What you produce should match the records below precisely, except that images are removed.

--- START ---

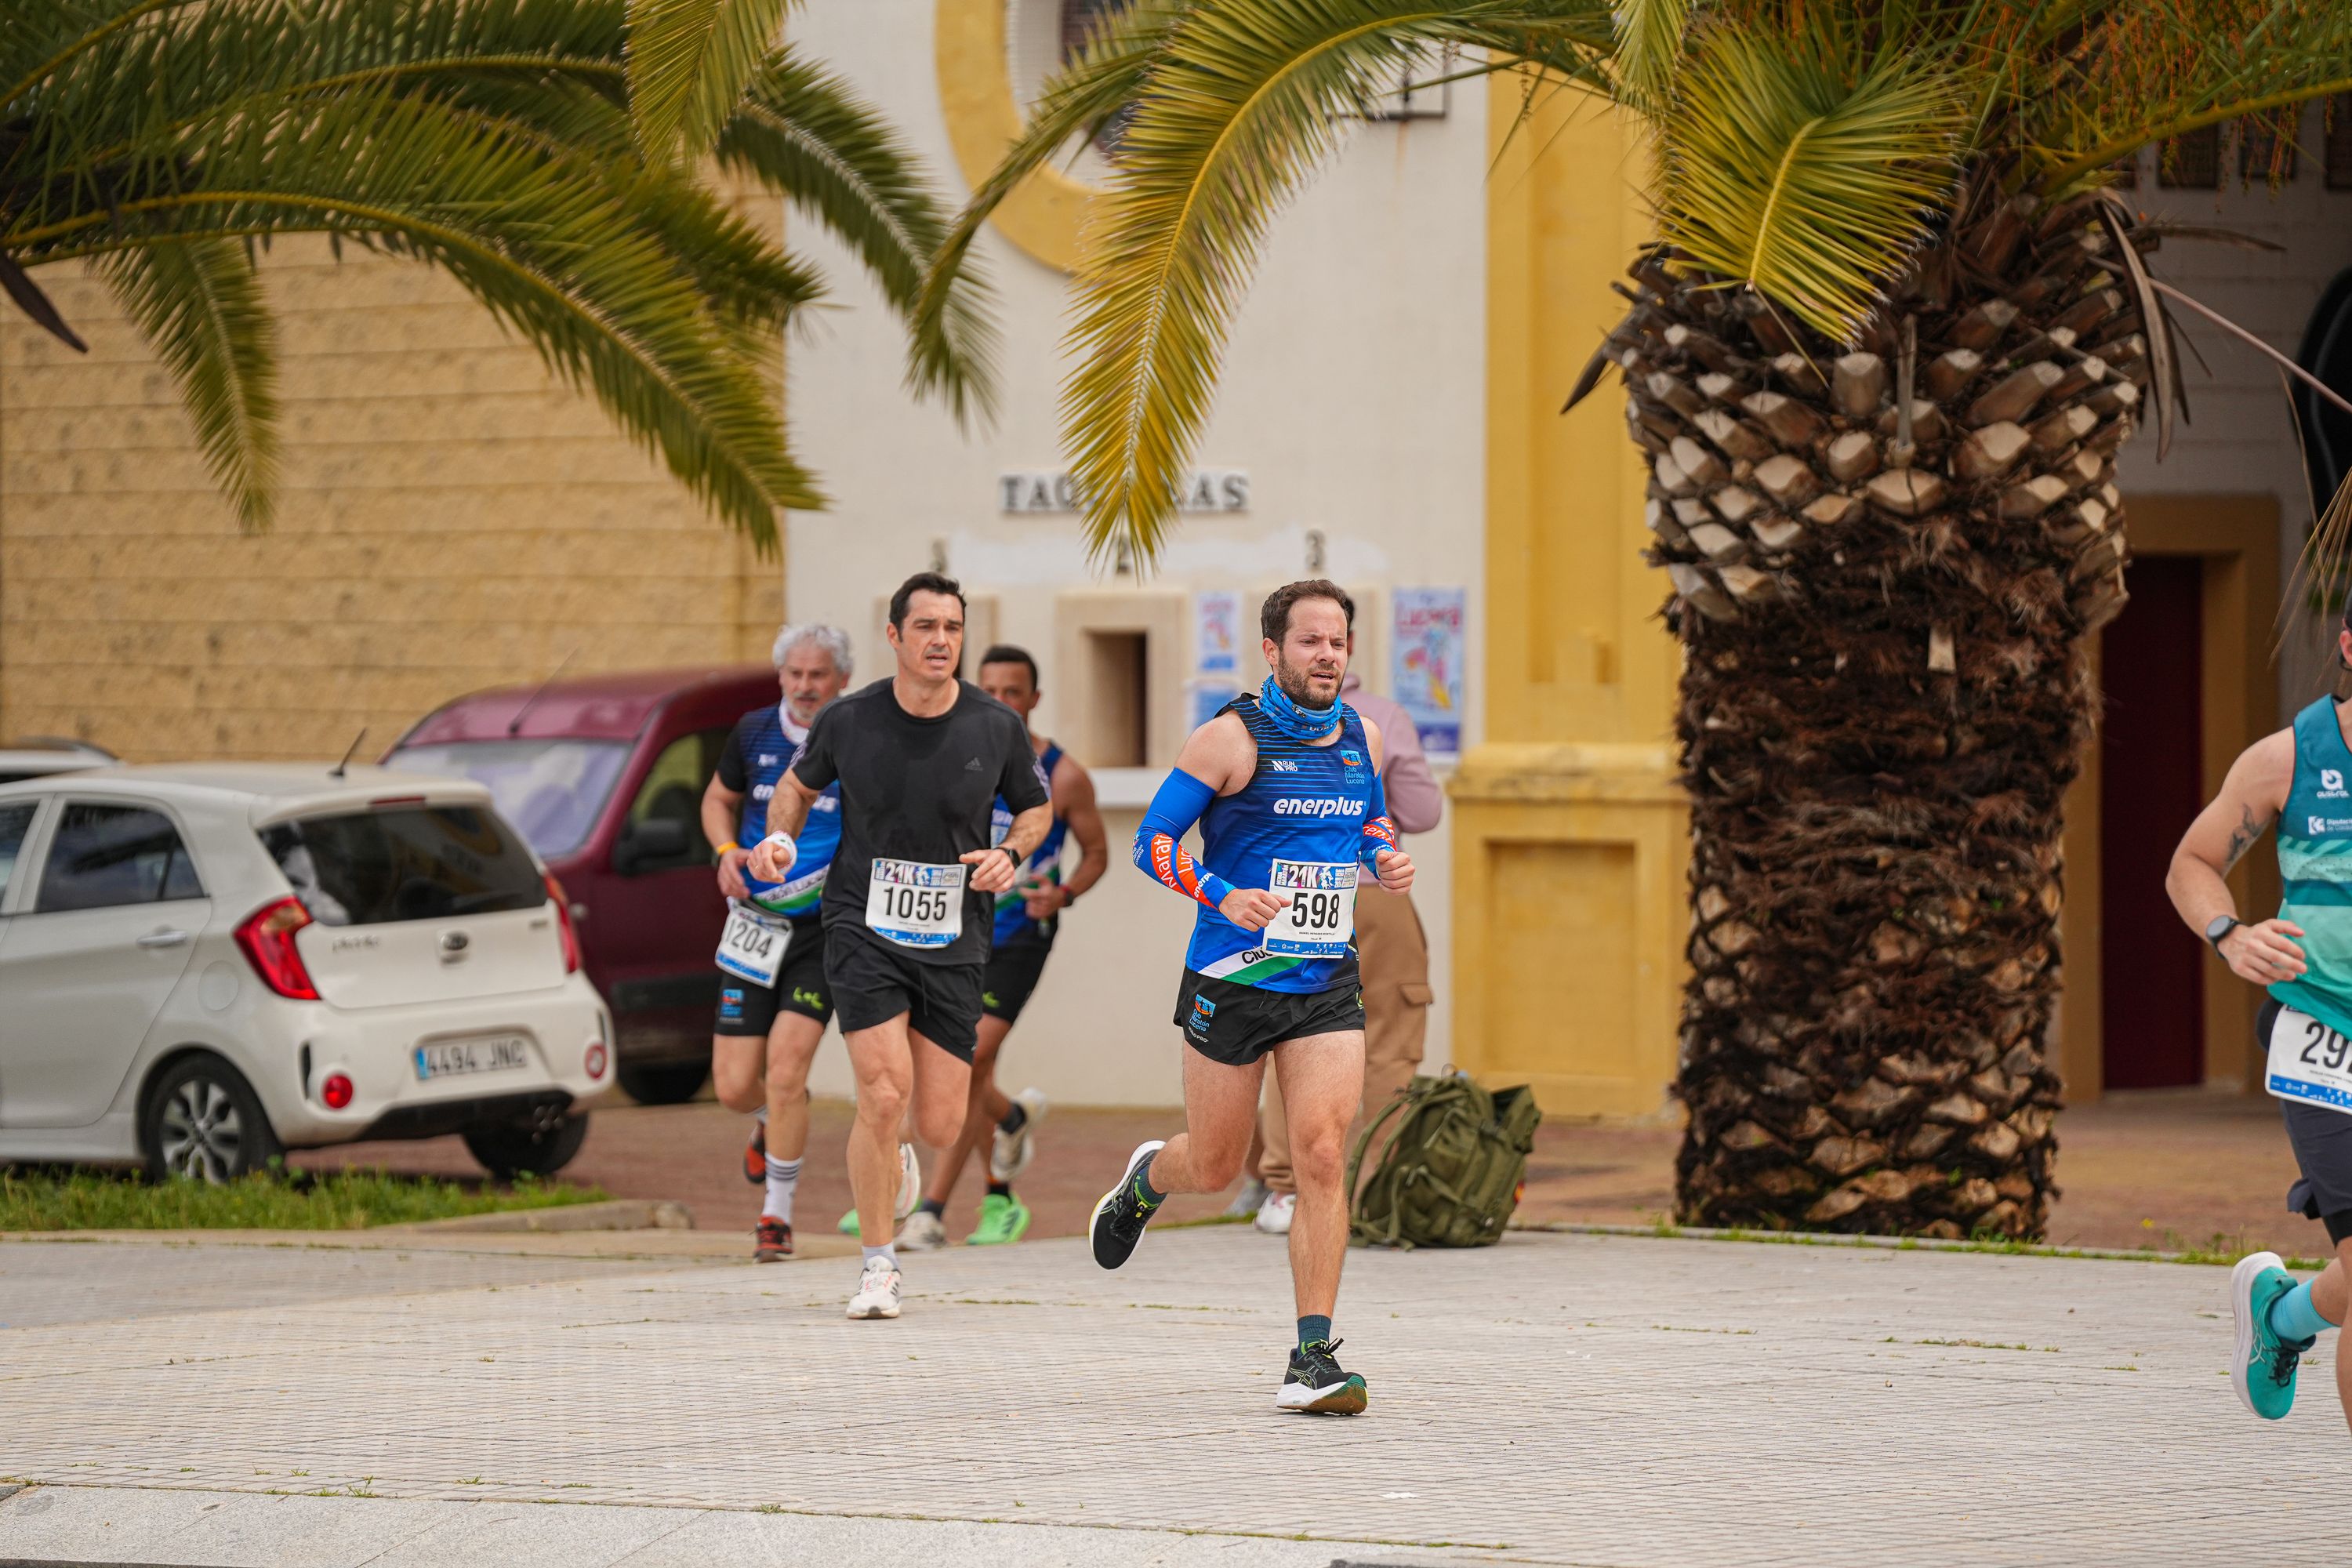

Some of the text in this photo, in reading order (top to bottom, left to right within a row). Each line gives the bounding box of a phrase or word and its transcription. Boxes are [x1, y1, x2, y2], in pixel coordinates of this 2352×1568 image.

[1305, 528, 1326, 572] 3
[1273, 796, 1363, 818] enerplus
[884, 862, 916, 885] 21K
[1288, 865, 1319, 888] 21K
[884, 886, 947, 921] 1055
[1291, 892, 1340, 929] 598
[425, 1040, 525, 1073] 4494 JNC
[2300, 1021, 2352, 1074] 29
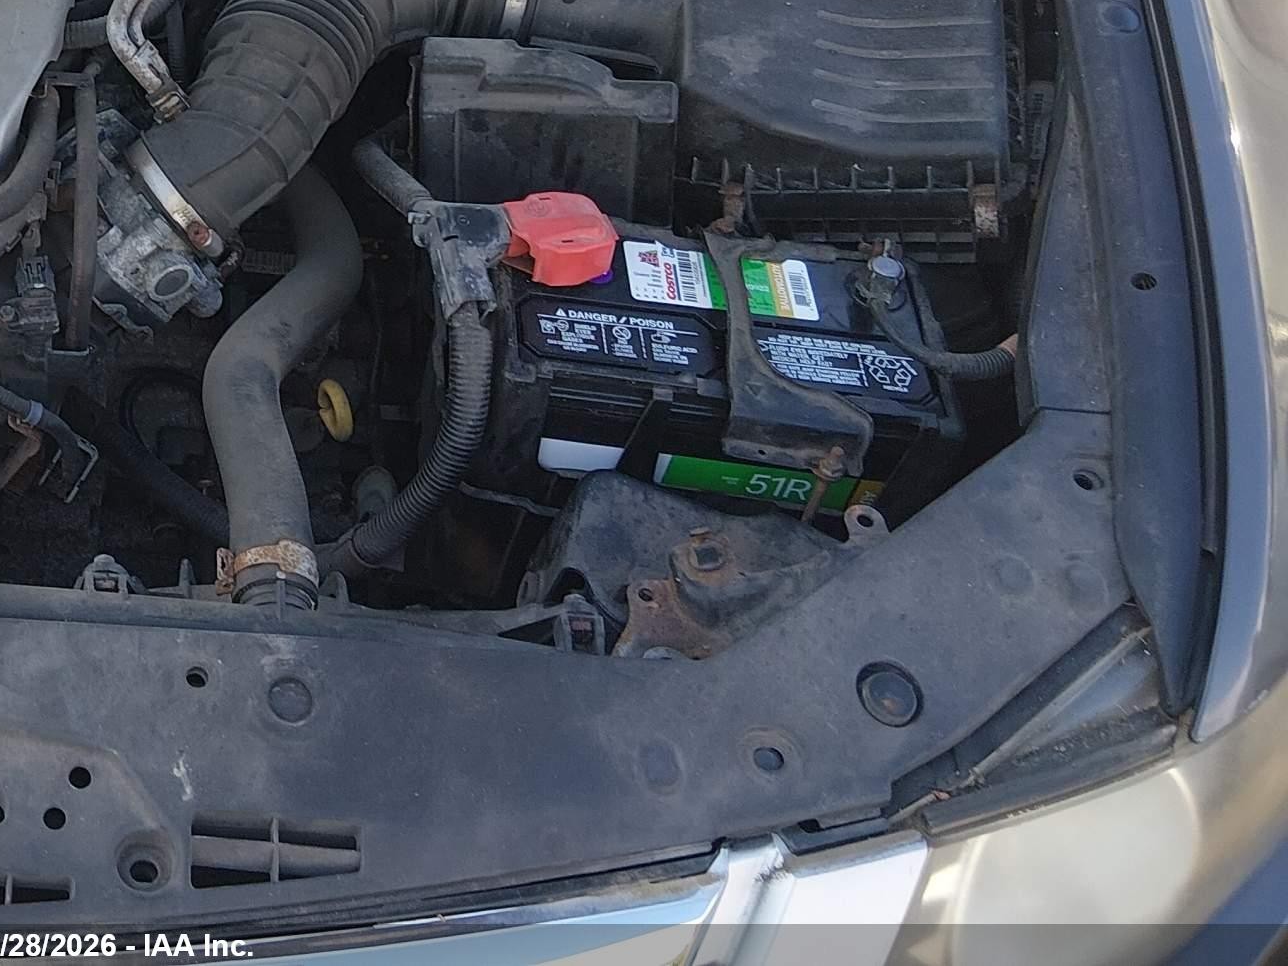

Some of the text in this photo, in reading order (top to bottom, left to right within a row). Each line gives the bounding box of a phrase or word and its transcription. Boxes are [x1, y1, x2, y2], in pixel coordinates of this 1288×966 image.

--- END ---

--- Expected output ---
Some of the text in this photo, in reading order (top to bottom, left to right within a row). Each line gives the bounding box of a phrase or word and its transcription. Boxes are [x1, y1, x2, y2], in pixel coordinates of this 2352×1568 image.

[1305, 528, 1326, 572] 3
[1273, 796, 1363, 818] enerplus
[884, 862, 916, 885] 21K
[1288, 865, 1319, 888] 21K
[884, 886, 947, 921] 1055
[1291, 892, 1340, 929] 598
[425, 1040, 525, 1073] 4494 JNC
[2300, 1021, 2352, 1074] 29

Some of the text in this photo, in reading order (top to bottom, left to right within a row). Each line gives the bounding box of a phrase or word and its transcription. Boxes are [x1, y1, x2, y2], in pixel coordinates of this 1288×966 image.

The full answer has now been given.